### Supplied information ###
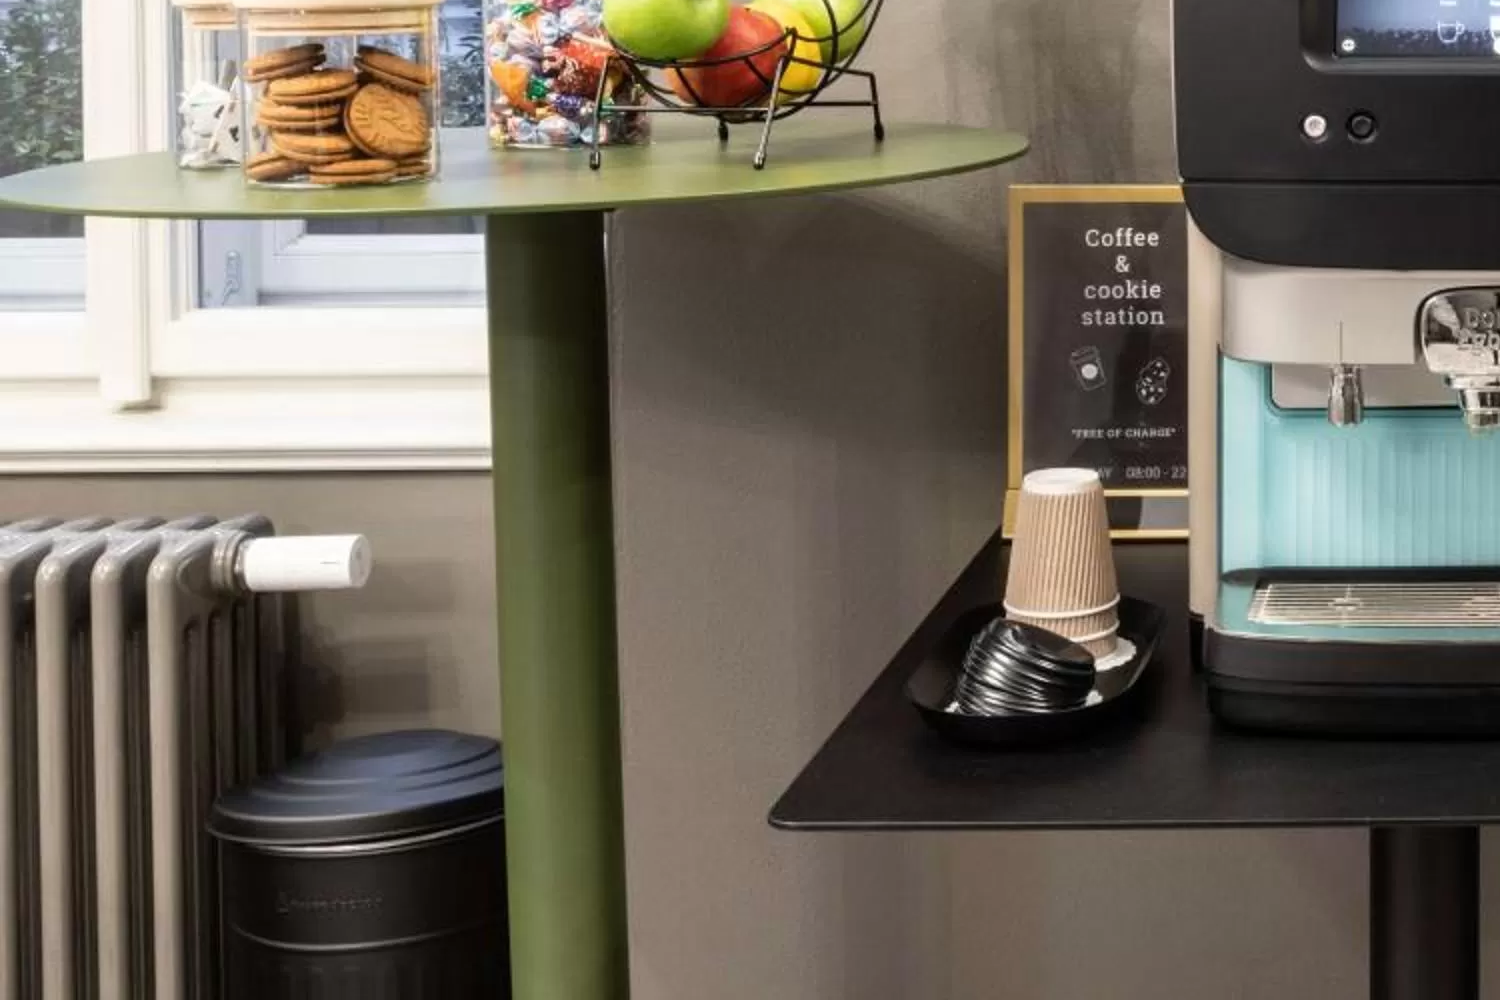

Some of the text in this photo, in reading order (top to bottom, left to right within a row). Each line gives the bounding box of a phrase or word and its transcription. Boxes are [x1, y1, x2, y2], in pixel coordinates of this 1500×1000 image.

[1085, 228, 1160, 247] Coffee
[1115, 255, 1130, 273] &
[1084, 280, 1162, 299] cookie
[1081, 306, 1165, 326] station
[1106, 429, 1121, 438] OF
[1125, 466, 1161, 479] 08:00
###
### About this task:
All of the data is to be returned exactly, with no pictures included.

### Exercise answer:
Some of the text in this photo, in reading order (top to bottom, left to right within a row). Each line gives the bounding box of a phrase or word and its transcription. Boxes are [x1, y1, x2, y2], in pixel coordinates of this 1500×1000 image.

[1085, 228, 1160, 247] Coffee
[1115, 255, 1130, 273] &
[1084, 280, 1162, 299] cookie
[1081, 306, 1165, 326] station
[1106, 429, 1121, 438] OF
[1125, 466, 1161, 479] 08:00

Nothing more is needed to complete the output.